As an endurance athlete, you should not overlook the importance of protein in your diet.
Sadly, in our society, we tend to go from one dietary extreme to another when it comes to eat this, don't eat that. Therefore, when one macronnutrient is heavily emphasized or de-emphasized, it's easy to overlook other important nutrients that are necessary to optimize health and athletic success.
In the wake of some pretty extreme, unhealthy and unrealistic eating habits among endurance athletes, it's important for athletes to understand that a low energy and/or low carbohydrate diet is not healthy or performance enhancing.
Certainly "low" can be defined differently among athletes and nutrition experts.
Seeing that protein supports muscle and tissue growth, assists in immune system health, helps with tissue structure and supporting enzymatic reactions and fosters healthy endocrine functioning, without sufficient protein in your diet, your active body can suffer.
Therefore, any athlete who is following a low energy or low-carb diet should take the necessary steps to fine-tune the diet to ensure that dietary protein intake is adequate (otherwise, health and performance issues could arise).
I'm not advocating low-carb or low energy diet but if you choose this dietary route, be sure to not skimp on dietary protein.
Here are a few take-home dietary messages:
- If you are intentionally trying to lose weight, you will want to focus on the higher end of your protein needs to preserve lean muscle mass as you lose body fat.
- On longer duration or high intensity workout days, daily protein needs should be higher to optimize training-induced muscle adaptions.
- For all athletes, don't miss out on the great opportunity to recover post workout by including protein with your post workout snack or meal.

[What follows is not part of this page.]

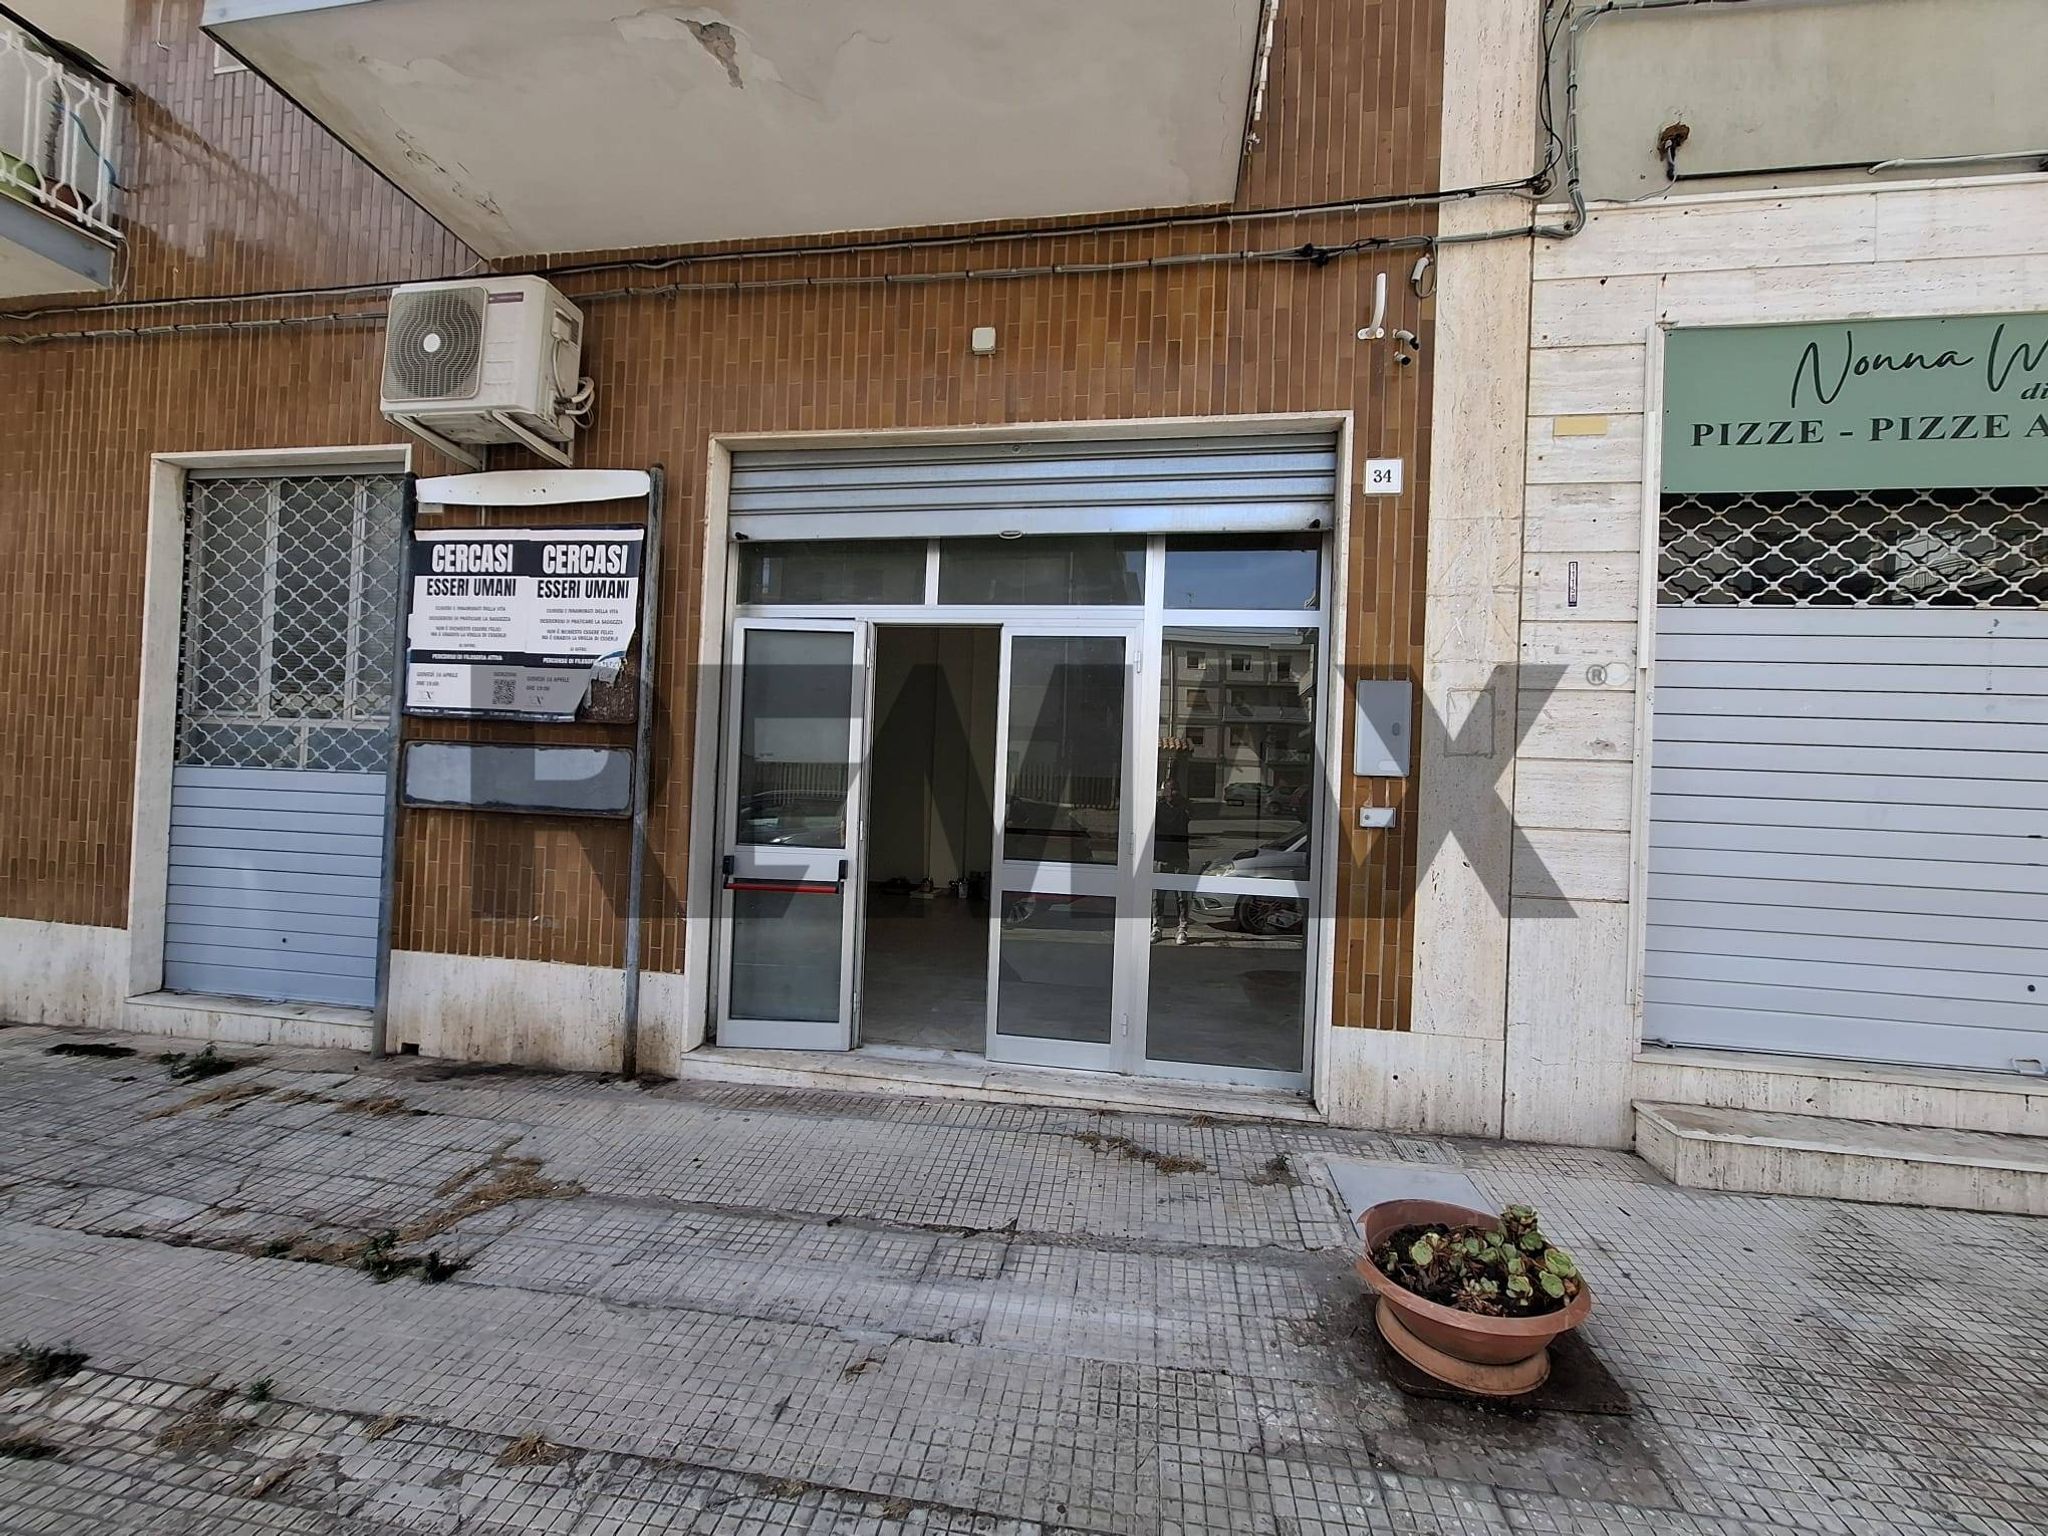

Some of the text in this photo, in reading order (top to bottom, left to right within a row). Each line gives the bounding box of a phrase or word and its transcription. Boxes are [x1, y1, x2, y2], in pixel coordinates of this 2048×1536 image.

- Although the recommendations for post workout carbs/protein will vary based on the individual, workout intensity/duration and fitness goals, here are a few suggestions for post workout fueling:
At your next meal, aim for around 15-25g protein and 40-60g of carbs. As an example, 2 eggs + 1 egg white (or 3 ounce lean meat) + 3/4 cup oatmeal + 1/2 cup berries + 1 tbsp maple syrup + 1/2 ounce chia seeds.
If only eating a meal (and no post workout snack), aim for 25-30g protein and 50-90g carbs. (higher end of protein and carbs after long duration or very intense workouts)
These are guidelines, not rules. Certainly, it is important that you find the best combo and nutrient timing that works for your workout and life regime.
- As an athlete, it is important to get familiar with the best (and easy to find, prep and consume) sources of protein and carbs in your diet so that recovery nutrition is not an afterthought but instead, easy to execute on a daily basis.
(For the record, I am absolutely not anti-fat but for the purpose of this blog, I am specifically focusing on protein in the athletes' diet).
- It's important to spread your total protein intake out throughout the day (example 25-30g each meal) so that each meal helps to fulfill your total protein intake needs. Plus, protein (along with fat) increases satiety which can help with overeating and cravings.
- If your typical breakfast is oatmeal and fruit or toast with avocado and an orange, add 3/4 cup Greek yogurt, 20-25g vegan protein powder, 2 egg whites + 1 whole egg or 4 ounce lean meat or fish to your meal for a more balanced meal with adequate protein.
Organic 1% milk
I also get protein from nuts, seeds, nut butter, chia seeds, hummus and grains.
Are you eating enough protein in your diet?